Presidente elogia medida da Polícia Federal e anuncia reforço no efetivo.
O presidente Luiz Inácio Lula da Silva afirmou na última quarta-feira (22) que o Brasil adotará o princípio da reciprocidade nas relações com os Estados Unidos após a retirada de um agente brasileiro do país. A declaração foi feita em vídeo divulgado nas redes sociais.
A fala ocorreu após o diretor-geral da Polícia Federal, Andrei Rodrigues, determinar a retirada das credenciais diplomáticas de um agente de imigração norte-americano que atuava na sede da PF, em Brasília.
“Eles fizeram conosco, a gente vai fazer com eles. Esperando que eles estejam dispostos a voltar a conversar e as coisas voltarem à normalidade”, disse Lula, ao lado de Andrei Rodrigues e do ministro da Justiça, Wellington Lima e Silva.
A decisão brasileira ocorreu após o governo dos Estados Unidos determinar a saída do delegado da Polícia Federal Marcelo Ivo de Carvalho do território norte-americano. O agente teria atuado na prisão do ex-deputado Alexandre Ramagem.

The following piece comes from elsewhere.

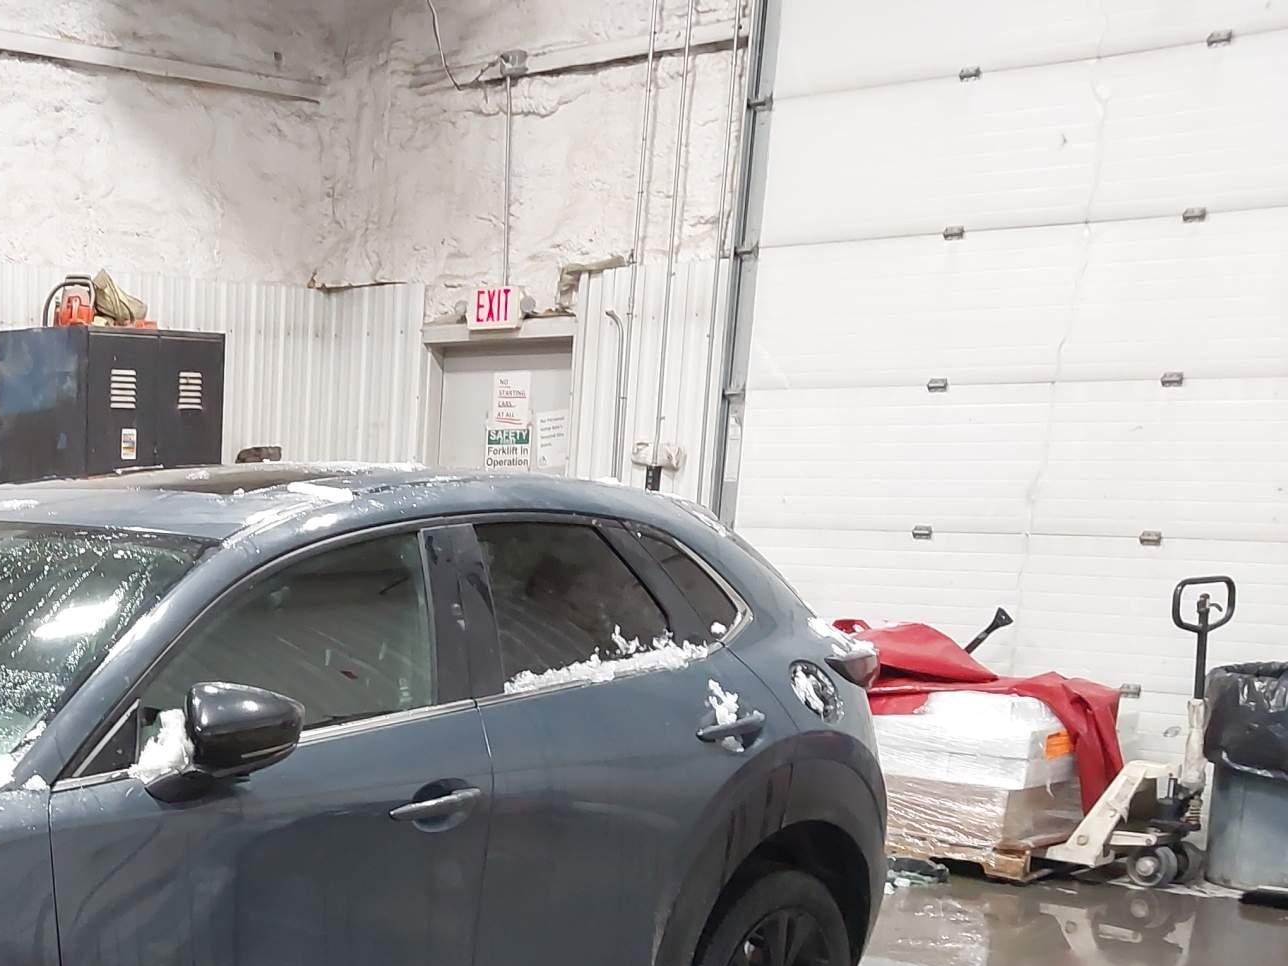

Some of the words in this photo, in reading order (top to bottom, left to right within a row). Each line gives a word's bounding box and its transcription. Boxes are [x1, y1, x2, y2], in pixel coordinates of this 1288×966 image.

O Ministério das Relações Exteriores informou que a medida segue o princípio da reciprocidade, diante da decisão considerada unilateral pelos EUA. Segundo o Itamaraty, a ação norte-americana não foi precedida de pedido de esclarecimento ou tentativa de diálogo, o que contrariaria acordos bilaterais de cooperação policial.
O governo brasileiro também destacou que a decisão não respeita práticas diplomáticas consolidadas entre os dois países, que mantêm relações há mais de 200 anos. O agente brasileiro atuava com base em memorando de entendimento firmado entre as nações.
O caso envolve a prisão de Alexandre Ramagem, ocorrida nos Estados Unidos após cooperação entre as autoridades dos dois países. O ex-deputado foi condenado no Brasil e é considerado foragido da Justiça, sendo acusado de crimes como organização criminosa armada, tentativa de golpe de Estado e abolição violenta do Estado democrático de direito.
Durante o mesmo pronunciamento, Lula anunciou a contratação de mil novos agentes para reforçar a atuação da Polícia Federal em portos, aeroportos e regiões de fronteira, como parte das ações de combate ao crime organizado.